A Professora Maria Tétis Nunes, ocupante da cadeira 39 da Academia Sergipana de Letras, lembra que o notável humanista João Ribeiro iniciou as atividades jornalísticas, escrevendo em O Laranjeirense, órgão divulgador das ideias republicanas em Sergipe (João Ribeiro Intelectual de Múltiplos Facetamentos – Revista da ASL, n° 34).
Em certo momento a política atraiu Bittencourt Sampaio e então foi ele deputado geral, por sua província, em duas legislaturas pelo Partido Liberal e Presidente da do Espírito Santo. Em 1870 rompeu com os partidos monárquicos e assinou o Manifesto Republicano ao lado de Saldanha Marinho, Quintino Bocaiúva, Aristides Lobo, Salvador de Mendonça e outros repúblicos.
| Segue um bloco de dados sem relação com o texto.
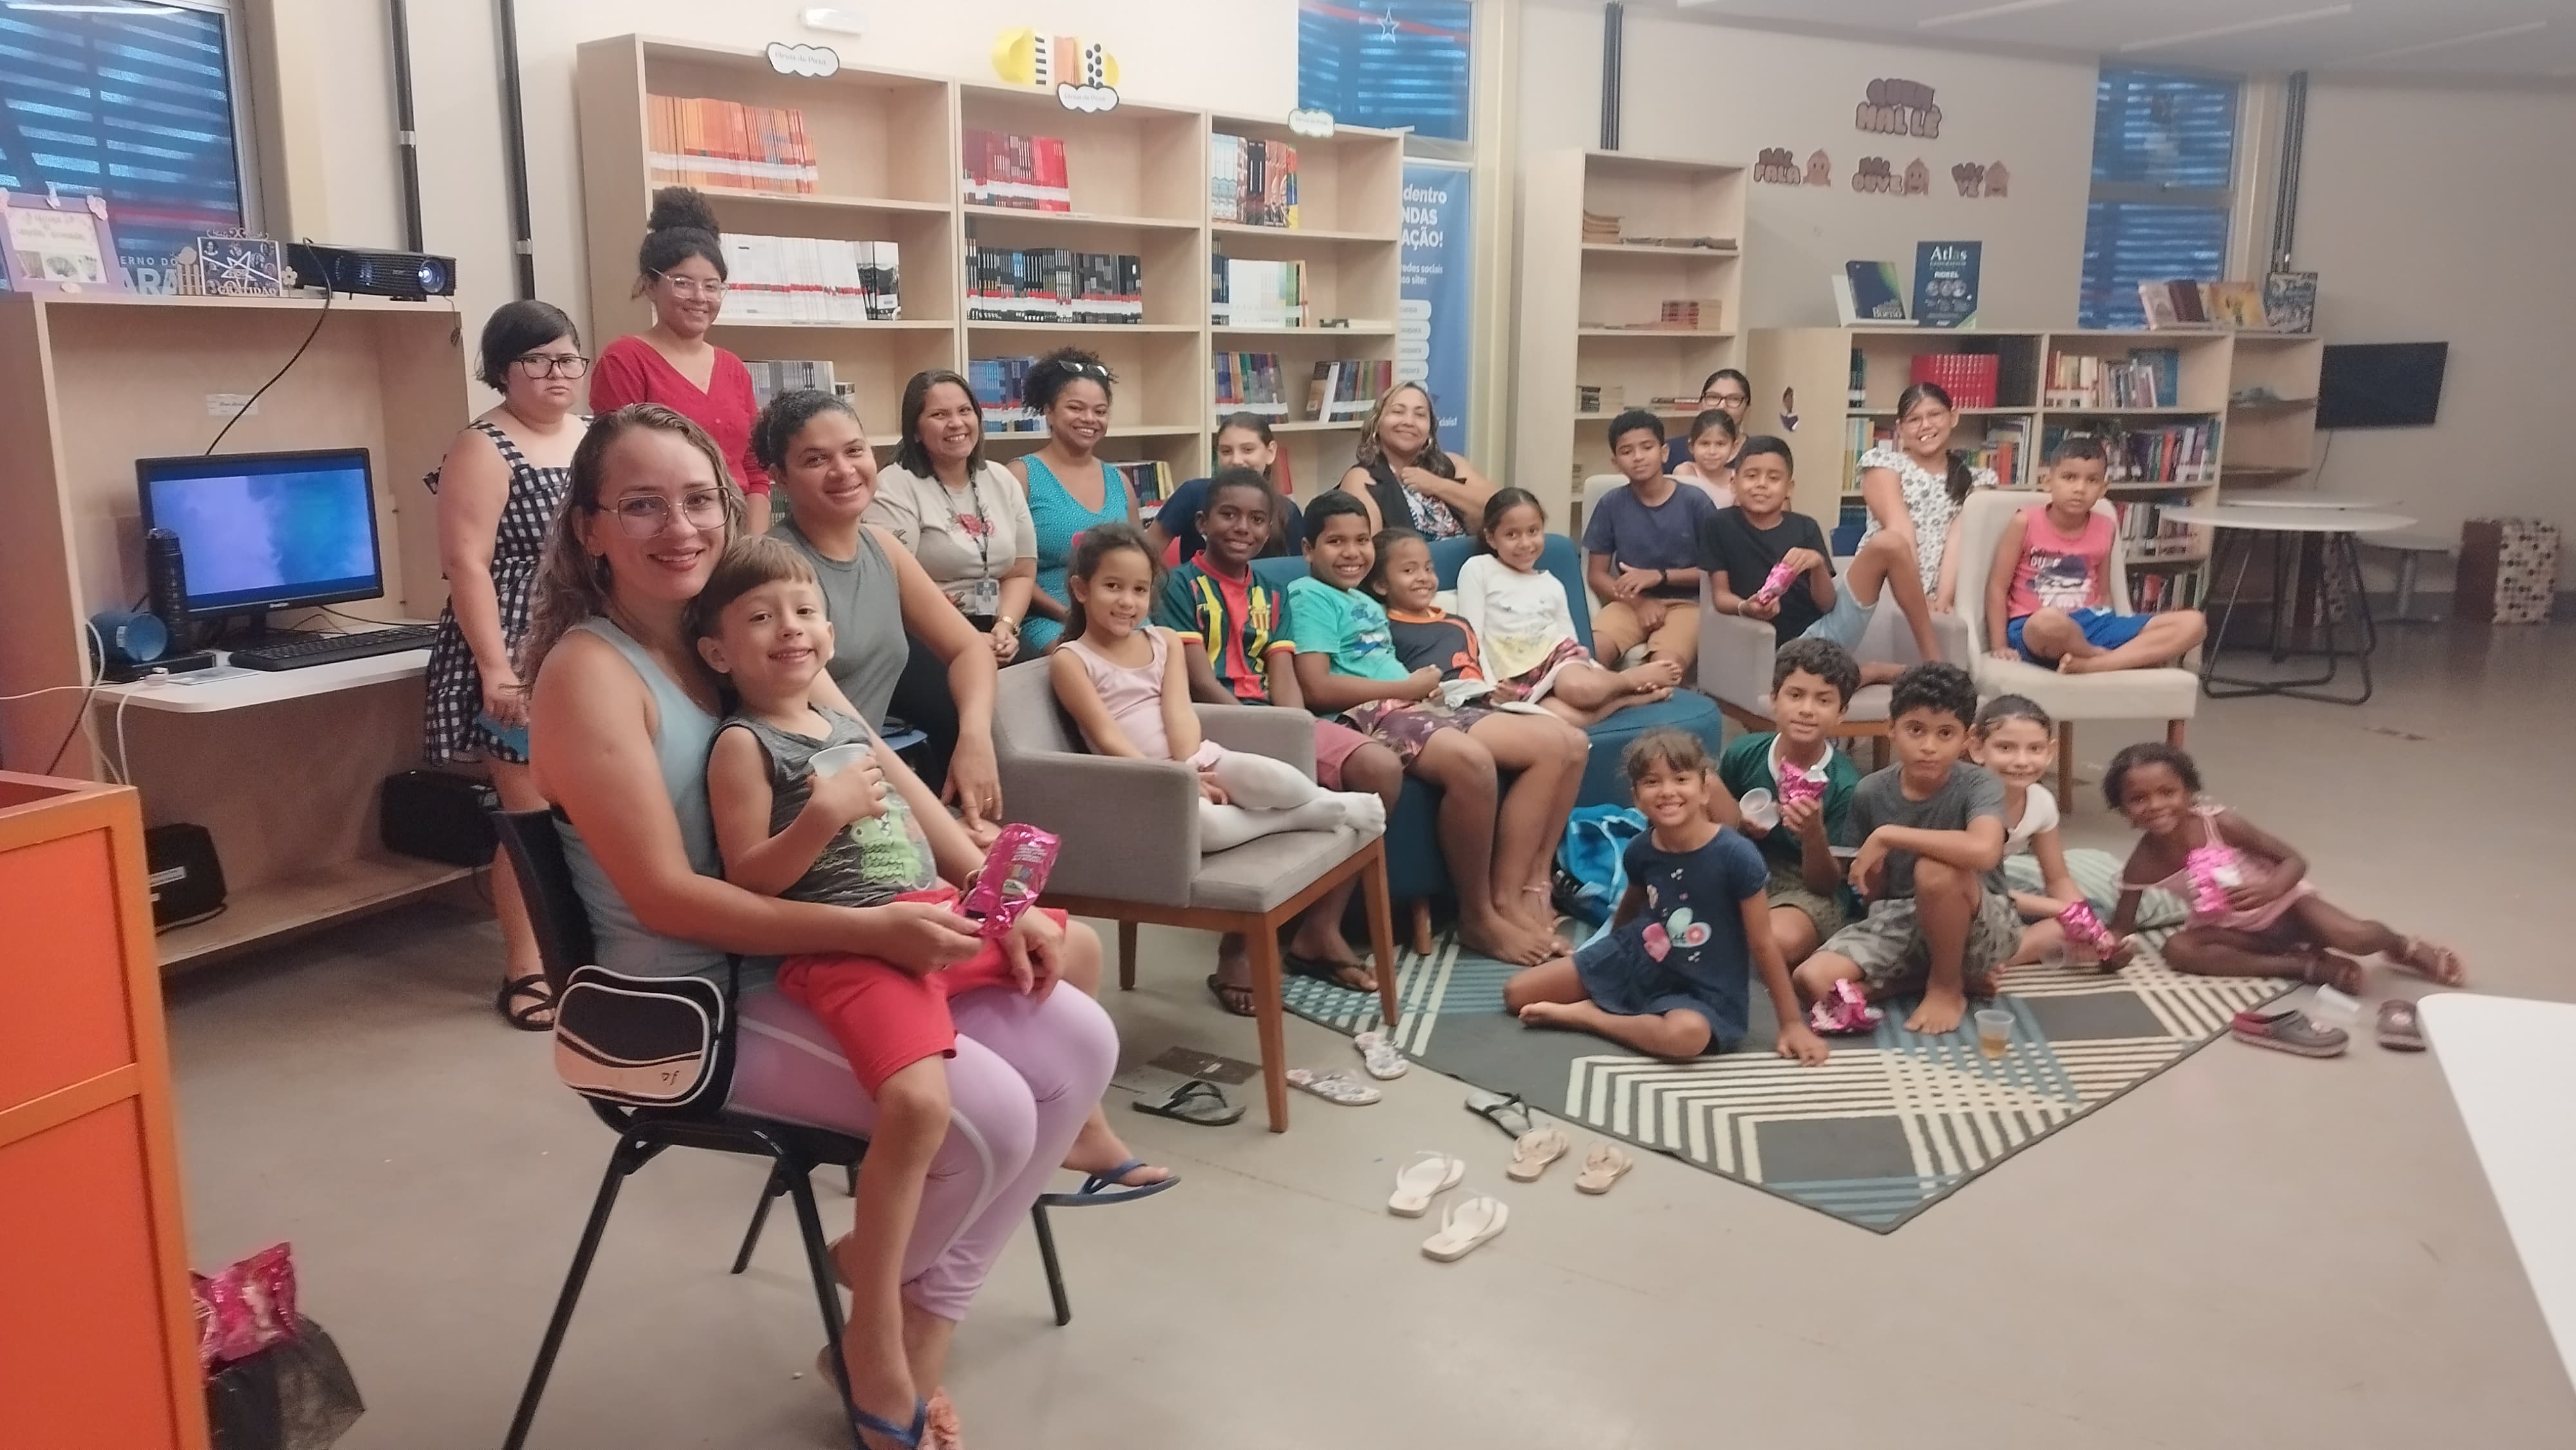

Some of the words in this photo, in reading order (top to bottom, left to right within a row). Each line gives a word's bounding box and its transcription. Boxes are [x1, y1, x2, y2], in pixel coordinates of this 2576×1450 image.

[1855, 101, 1908, 136] MAL
[1754, 162, 1801, 185] FALA
[1852, 172, 1903, 193] OUVE
[1403, 183, 1448, 204] dentro
[1401, 225, 1444, 251] AÇÃO!
[120, 256, 155, 265] ERNO
[161, 257, 178, 265] DO
[1930, 245, 1968, 261] Atlas
[1401, 261, 1420, 273] edes
[1421, 263, 1443, 274] sociais
[1437, 417, 1457, 426] ciais!
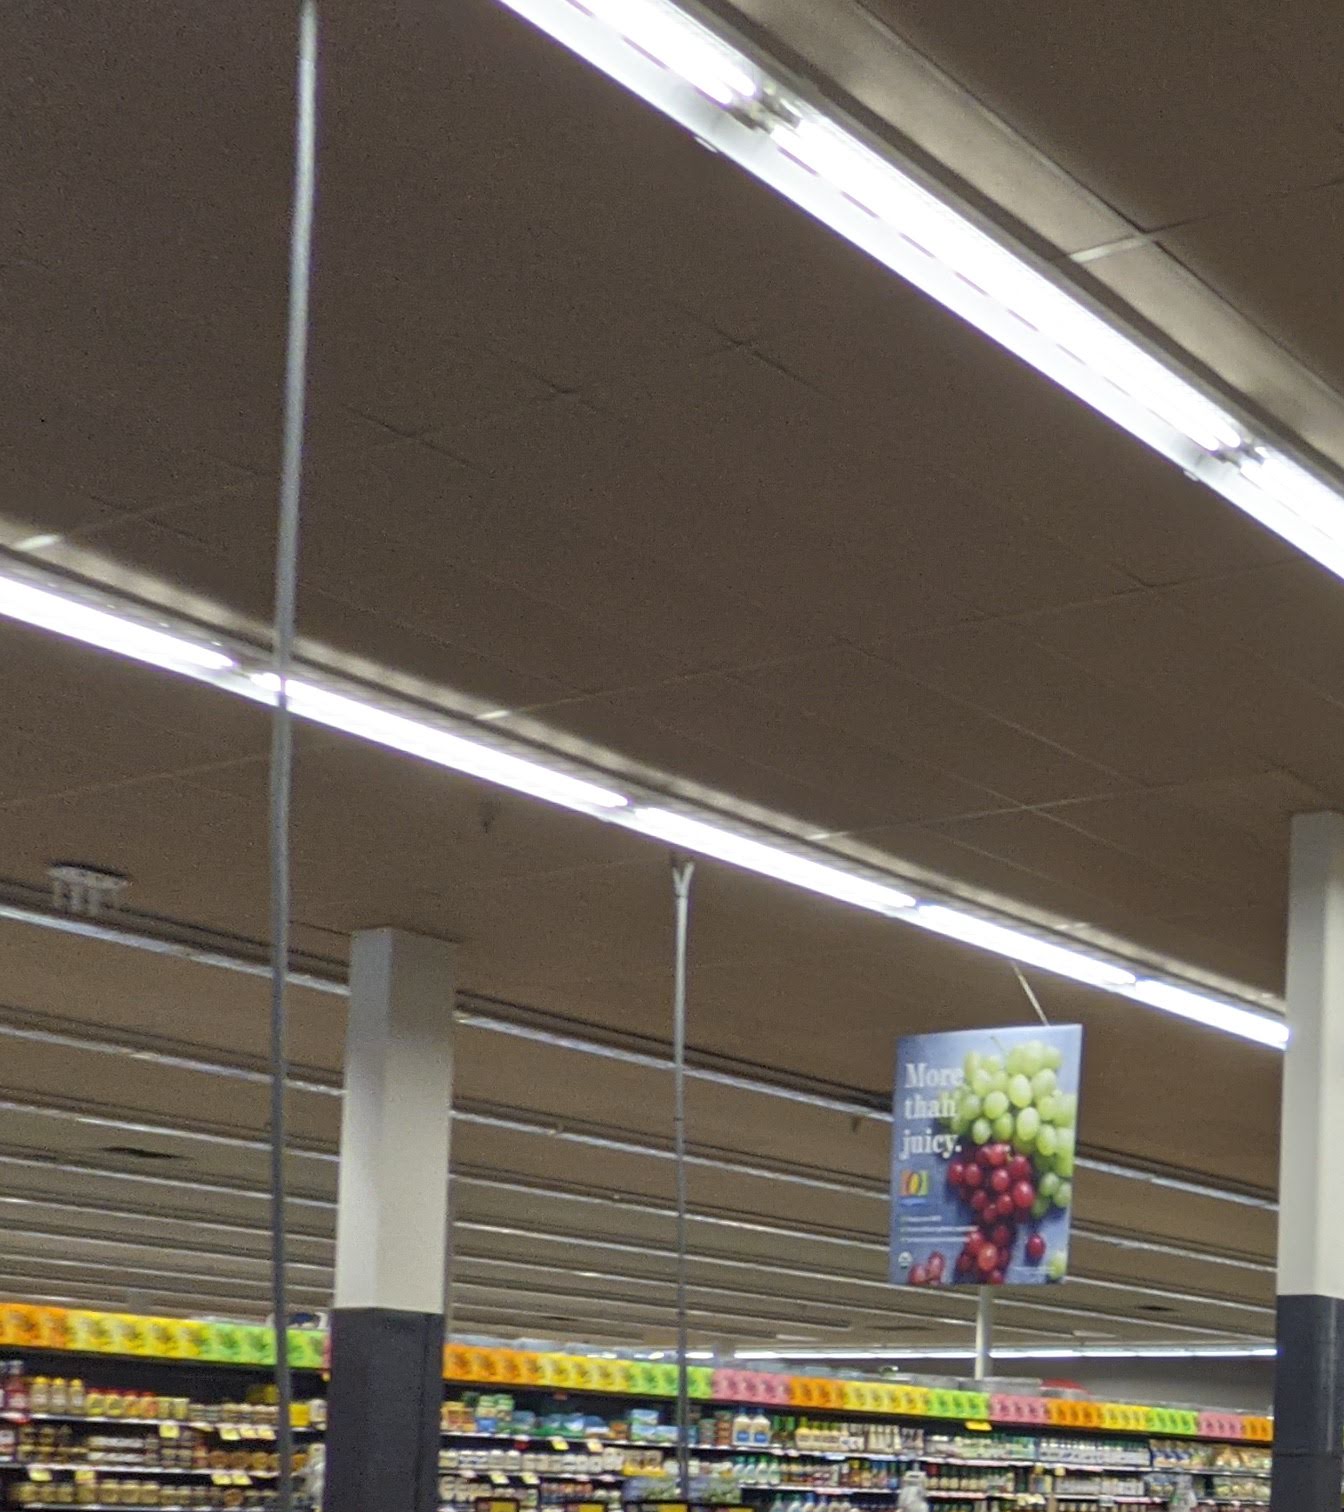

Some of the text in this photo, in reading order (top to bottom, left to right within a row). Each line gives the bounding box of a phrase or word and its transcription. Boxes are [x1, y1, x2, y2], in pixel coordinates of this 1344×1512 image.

[905, 1063, 964, 1089] More
[905, 1093, 959, 1119] than
[901, 1128, 962, 1159] juicy.
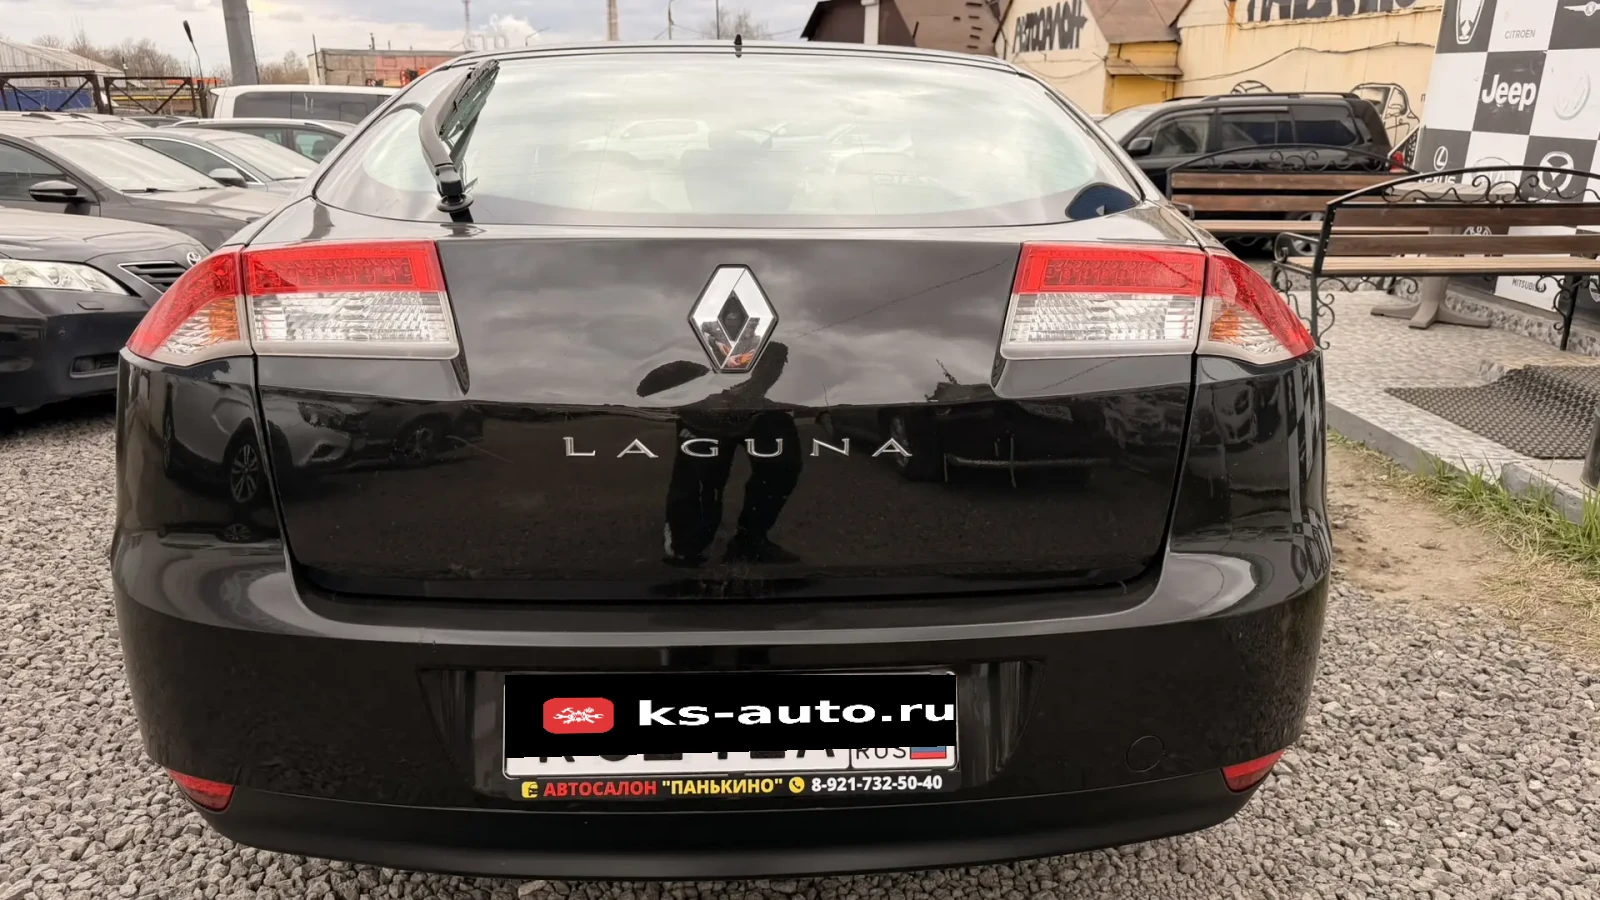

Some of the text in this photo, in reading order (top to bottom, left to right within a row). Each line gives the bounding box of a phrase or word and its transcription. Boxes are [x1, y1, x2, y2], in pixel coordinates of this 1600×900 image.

[1481, 74, 1537, 111] Jeep
[1511, 277, 1545, 293] MITSUBI
[562, 436, 913, 458] LAGUNA
[543, 774, 943, 797] АВТОСАЛОН "ПАНЬКИНО" 8-921-732-50-40
De 1860 é a coletânea de versos Flores Silvestres (Rio de Janeiro, Liv. Garnier) de Bittencourt Sampaio, em que se destacam, além daqueles musicados e já referidos, os poemas Hino ao Sol, A Cativa e A Mucama. Contém ainda, traduzidos: Excelsior! De Longfellow e O Prisioneiro, com a indicação de Béranger (creio tratar-se de Peirre-Jean Béranger, cançonetista e poeta francês).
Silvio Romero já dissera predominar nesse autor
o lirismo local, tradicionalista, campestre, popular. Por este lado é talvez o melhor poeta do Brasil… Os dotes principais da poesia neste autor são a melodia do verso, a graciosidade que faz primar em pequenos quadros, certa nostalgia pelas cenas, pela vida simples, fácil, descuidosa das regiões da roça e do sertão… (Evolução do Lirismo Brasileiro – Recife: J.B. Edelbrock, 1905).
Antônio Joaquim de Macedo Soares organizou, em 1869, Lamartinianas – Poesia de Affonso de Lamartine traduzidas por poetas brasileiros (Rio de Janeiro: Dupon & Mendonça, Editor). Entre os vates tradutores, Machado de Assis, Castro Alves, Maciel Monteiro, Bittencourt Sampaio, esse com versões de quatro poesias do criador de Méditations poétiques: Tristeza, Canto de Amor, À Lilla eO Isolamento. Da traslação bittencourtiana de O Isolamento transponho para aqui dois quartetos, o primeiro e o final:
À sombra do orvalho, às vezes sobre o monte
Assento-me sozinho e triste, ao pôr do sol;
Percorre a vista errante o plaino do horizonte
Que vário se desdobra à luz desse arrebol.
……………………
Quando secas no outono as folhas caem sem vida,
Da tarde as roja o vento ao longe pelo val.
Eu sou bem semelhante a folha emurchecida:
Oh! Leva-me contigo, horrendo vendaval!…
Olavo Bilac e Guimarães Junior em Tratado de Versificação (São Paulo: 2ª Ed., Portal, 1910) observaram que Bittencourt Sampaio, Trajano Galvão, Gentil Homem, Bruno Seabra, Joaquim Serra e Juvenal Galeano foram poetas legitimamente nacionais, cultivando o gênero bucólico e campesino, e celebrando, com sentimento – e graça, o encanto original da vida sertaneja do norte do Brasil.
Do repertório bibliográfico de Bittencourt Sampaio anoto ainda o poema épico A Nau da Liberdade, de 1870, e a Divina Epopéia de São João Evangelista, em versos heróicos, de 1882.